Ты счастья земного не знала,
Одним ожиданьем жила,
Любила — любя ты страдала,
Страдая — в могилу сошла.

Стихи эти написал поэт Иван Клюшников, назвав их «На смерть девушки». Они были посвящены невесте Станкевича.

Глава двадцатая

ДОРОГИ ИТАЛИИ И ПУТЬ В РОССИЮ

К лету 1839 года здоровье Станкевича, несмотря на старания зарубежных врачей, стало еще хуже. Оно сгорало подобно свече. По настоянию докторов Станкевич оставляет Берлин и через Зальцбрунн (ныне польский город Щавно-Здруй. — Н. К.), Прагу, Нюрнберг, Штутгарт, Берн, Женеву и Карлсруэ приезжает в Италию.

В сентябре, преодолев трудный путь по Симплонской дороге, размытой непрекращающимися проливными дождями, он добрался до Милана. Потом несколько месяцев жил во Флоренции, где встретился с Бенкедом, придворным доктором английского короля Георга. Тот посоветовал ему своеобразный метод лечения — избегать «холода и жаров». «Поэтому, — пишет Станкевич родным, — в конце февраля велит доктор мне ехать в Рим, где нет сильных ветров… лето лучше мне провести в Германии, где оно не так изнурительно жарко».

Во Флоренции Станкевич вновь сошелся со своими старыми и добрыми знакомыми по Берлину — четой Фроловых. Практически ежедневно он стал бывать в этой семье. «Дружба и расположение Е. П. Фроловой, — писал Тургенев, — сделались (для Станкевича. — Н. К.) уже необходимостью».

Здесь, во Флоренции, Станкевич выступил в качестве редактора публицистической записки, которую в январе 1840 года написала Фролова. Записка называлась «Несколько слов о воспитании женщины в России».

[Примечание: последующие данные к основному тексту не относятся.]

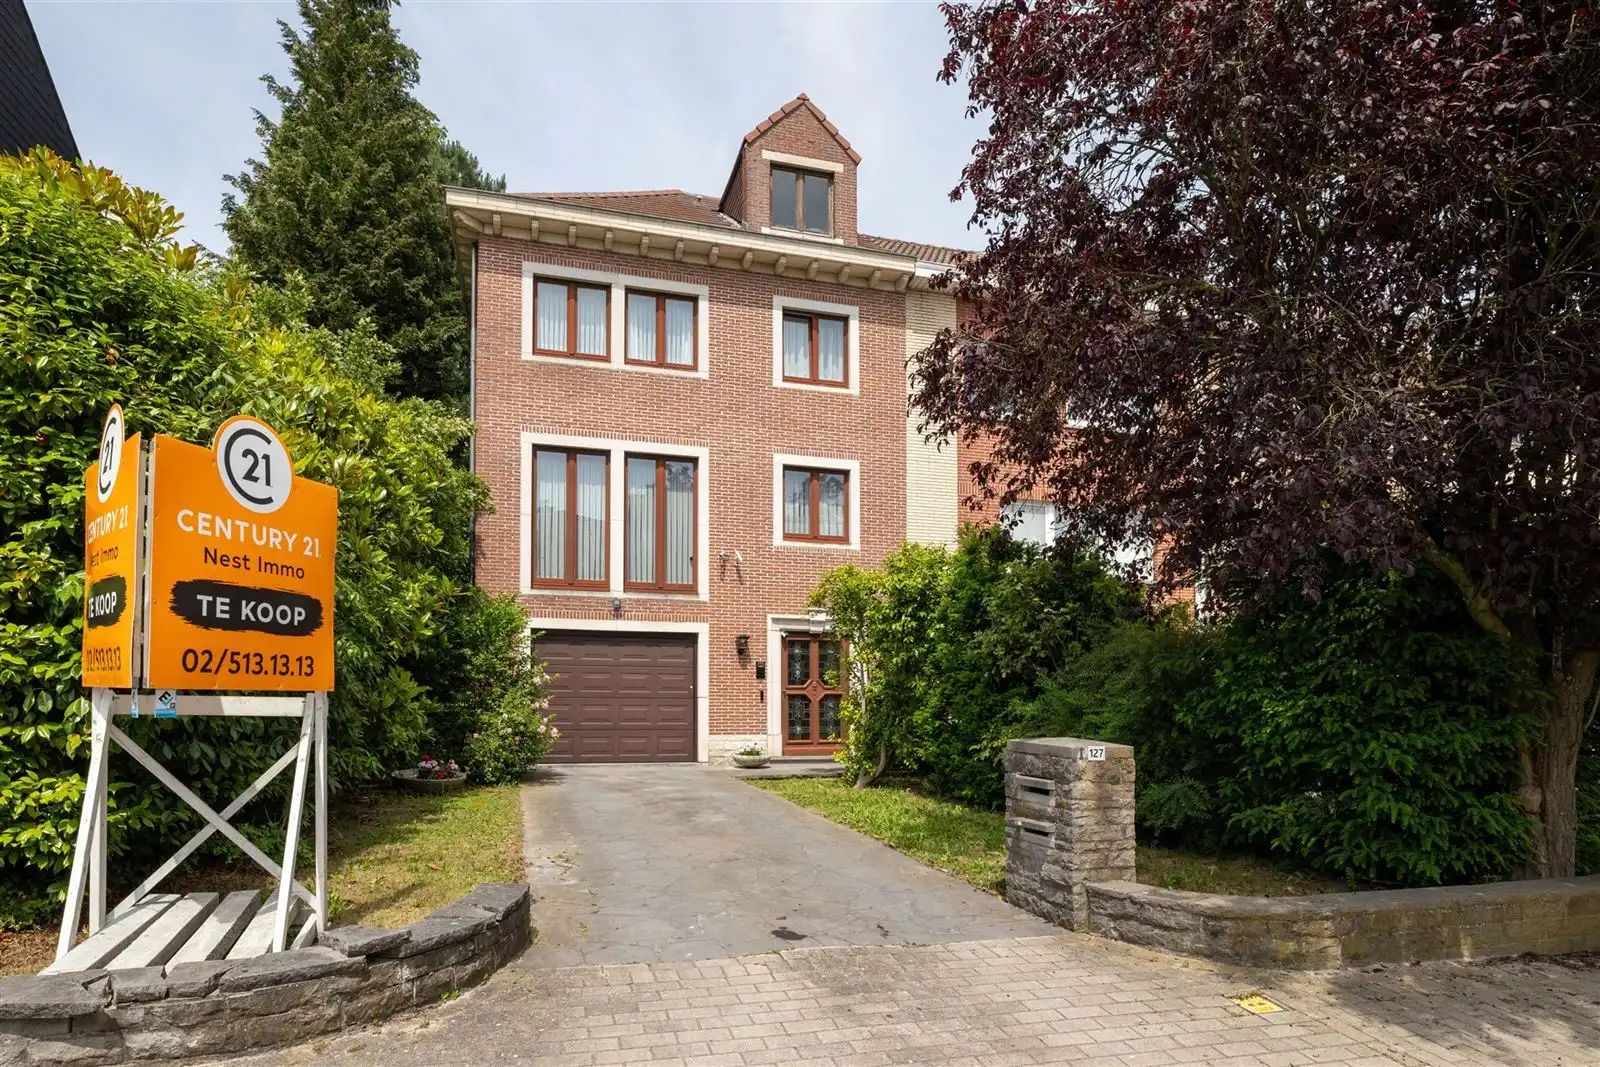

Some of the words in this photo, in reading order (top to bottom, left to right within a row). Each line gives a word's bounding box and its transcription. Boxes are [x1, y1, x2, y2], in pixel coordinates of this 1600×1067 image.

В первых строках записки Фролова объясняет, что толчком к изложению ее мыслей о женском воспитании в России послужил бывший у нее «на днях» разговор с одной русской дамой о ее шестнадцатилетней дочери. Этот «намек» нетрудно понять. Одновременно с Фроловыми и Станкевичем жила тогда во Флоренции видная московская барыня, Марья Дмитриева Ховрина, с мужем и двумя дочерьми, из которых старшей, Александре, или по-домашнему Шушу, было в это время как раз 16 лет. В письмах Станкевича 1840 года часто упоминается имя Шушу Ховриной. Она была необыкновенно хороша собою, и молодежь поголовно увлекалась ею.

Текст этой замечательной работы с правками Станкевича был впервые опубликован в 1915 году в первом томе сборника «Русские пропилеи». И больше ни разу не переиздавался. Хотя мысли, содержащиеся в записке, не потеряли своего значения и вполне могут быть сегодня востребованы для воспитания российских женщин. Особенно по части их просвещения, привития им нравственных качеств и, разумеется, высокой культуры.

Однако продолжим наш рассказ. К тому времени Станкевич уже два года находился за границей. И чем дольше он странствовал по Европе, тем больше его угнетала саднящая тоска по России. В начале 1840 года его университетский друг поэт Василий Красов прислал ему на рецензию стихотворение «Метель». Стихи вообще разбередили его и без того измученную душу.